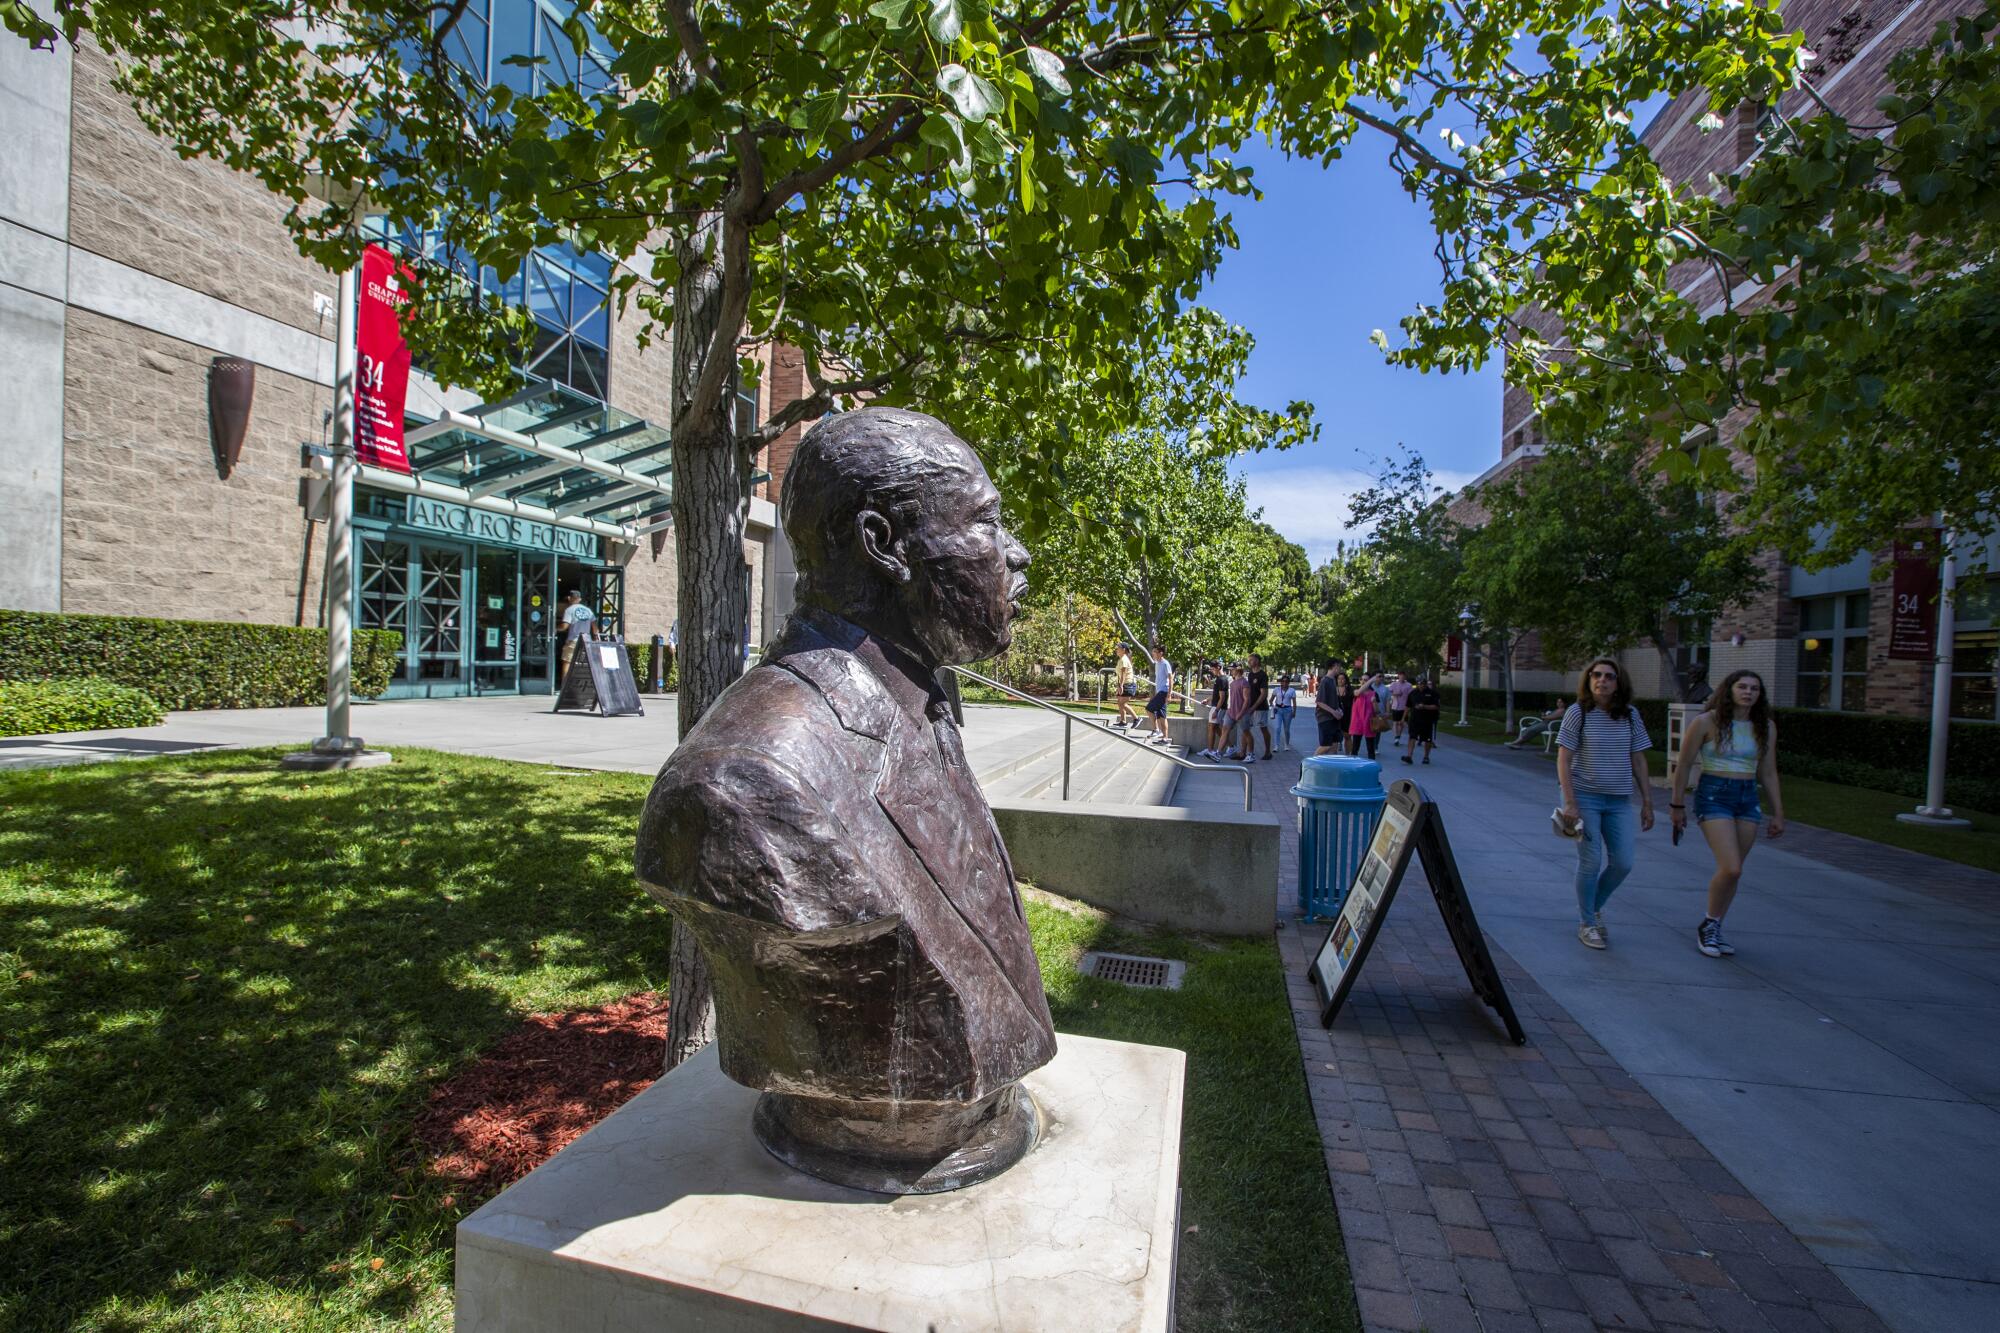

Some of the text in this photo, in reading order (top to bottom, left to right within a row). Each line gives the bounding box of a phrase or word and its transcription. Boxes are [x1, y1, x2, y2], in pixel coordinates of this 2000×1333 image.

[368, 289, 394, 307] UNIVE
[362, 354, 384, 393] 34
[412, 501, 595, 555] ARGYROS FORUM
[1898, 593, 1919, 614] 34

## Description of the task
Recreate the listing above word for word, dropping each picture it contains.

## Exercise answer
Some of the text in this photo, in reading order (top to bottom, left to right within a row). Each line gives the bounding box of a phrase or word and its transcription. Boxes are [x1, y1, x2, y2], in pixel coordinates of this 2000×1333 image.

[368, 289, 394, 307] UNIVE
[362, 354, 384, 393] 34
[412, 501, 595, 555] ARGYROS FORUM
[1898, 593, 1919, 614] 34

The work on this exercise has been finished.